Navigating the ‘perilous path’ of healthcare innovation

“Healthcare innovation is not easy – no matter where you are in the world,” Jennie Kung, Mayo Clinic Innovation Exchange senior director told delegates at HIMSS22 APAC.

In this closing keynote session on Tuesday last week, Kung outlined the many challenges that could derail innovators, such as navigating IP strategy, clinical validation processes, the regulatory landscape, commercialisation strategy and investment. 

“The only truth we really know is that healthcare innovation faces a perilous path and patient care only advances if we can help innovators at every step of the way of their innovation continuum,” said Kung.

Innovation Exchange

In 2020, Mayo Clinic launched its Innovation Exchange virtual platform to support innovators around the world on this path. 

Through the platform, Mayo provides a network of business and educational resources to support innovation. As well as benefiting from Mayo’s own expertise, innovators are connected with government agencies, industry partners, professional advisors, academic collaborators, and investment committees.  

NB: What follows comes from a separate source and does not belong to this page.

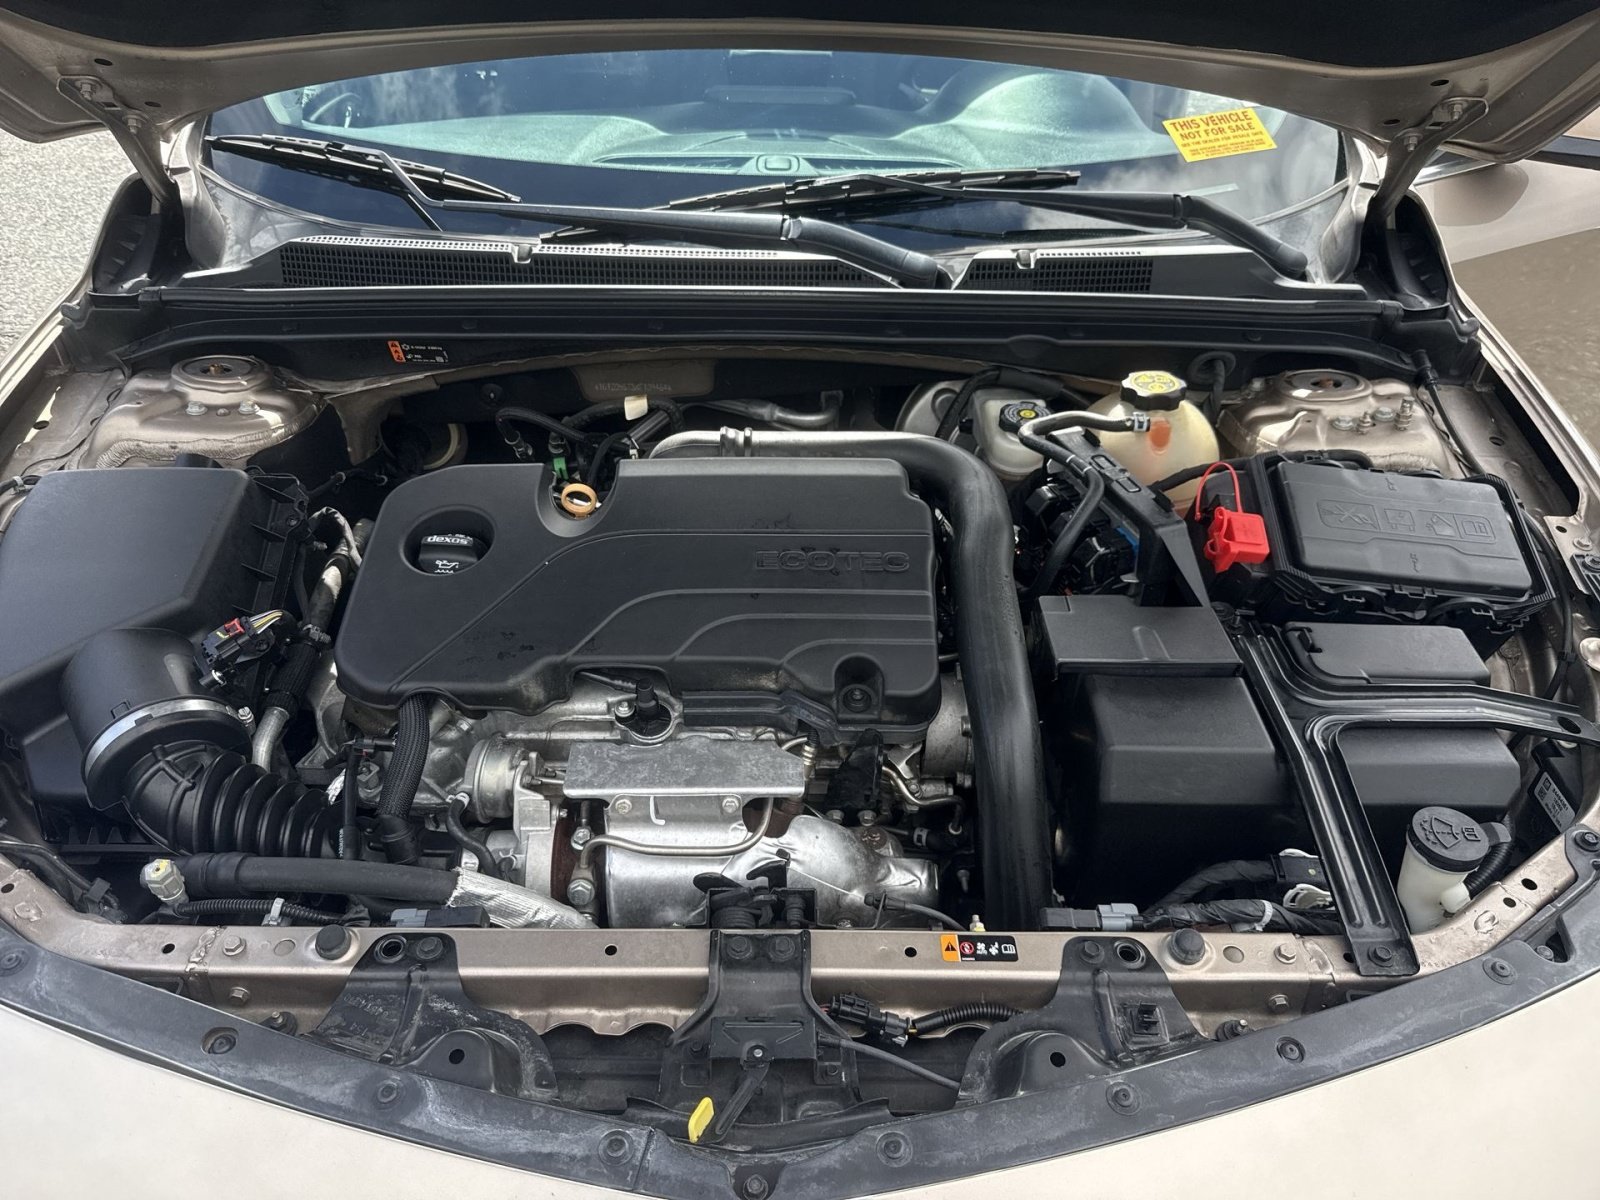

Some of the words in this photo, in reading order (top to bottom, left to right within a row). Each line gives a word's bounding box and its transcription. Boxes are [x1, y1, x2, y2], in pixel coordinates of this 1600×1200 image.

“We’re laser-focused on helping innovators outside of Mayo to reach their goals because we believe that if we can work together, we can accelerate innovation much faster and bring these results to patients,” explained Kung. “Sometimes that looks like partnerships with Mayo and sometimes it’s helping innovators identify and understand their problems much more deeply.”

Successful collaborations 

Over the last two years, the Innovation Exchange has worked with more than 65 founders and companies worldwide including in India and Singapore. 

“There’s no perfect founder or start-up. The needs of healthcare innovation are vast and as a result, we keep our doors wide open,” said Kung.

One successful collaboration is with Singaporean startup Neuroglee Therapeutics, which focuses on improving outcomes for patients with neurodegenerative diseases. 

After joining the exchange in 2021, Neuroglee was able to provide a digital treatment combining its software and AI solutions with Mayo’s clinical expertise. Shortly after the partnership, the startup raised $10 million in Series A funding and has now relocated its headquarters to the US. 

Union of forces

The aims of the Innovation Exchange align with the value of collaboration at the heart of Mayo’s ethos. Royston Lek, executive director for APAC, Mayo Clinic, Singapore told the conference how in 1910 founding father Dr William Mayo emphasised the “union of forces” to provide patient care.

“The sum total of medical knowledge is so great and wide-ranging that it’s futile for one organisation or person to attempt to acquire or assume a good and complete working knowledge of it,” said Lek.

For this reason, Mayo seeks to create centres of excellence through clinical practice, education and research, digital health and patient care solutions, innovation, and the Mayo Clinic model of care.

One example is a collaboration with partners in Asia and Latin America to introduce digital health and patient care solutions – in particular around telemedicine 2.0 and digital pathology. Also, through its Mayo Clinic Platform Services Division, it provides scalable digital solutions to help validate clinical AI tools using Mayo’s database.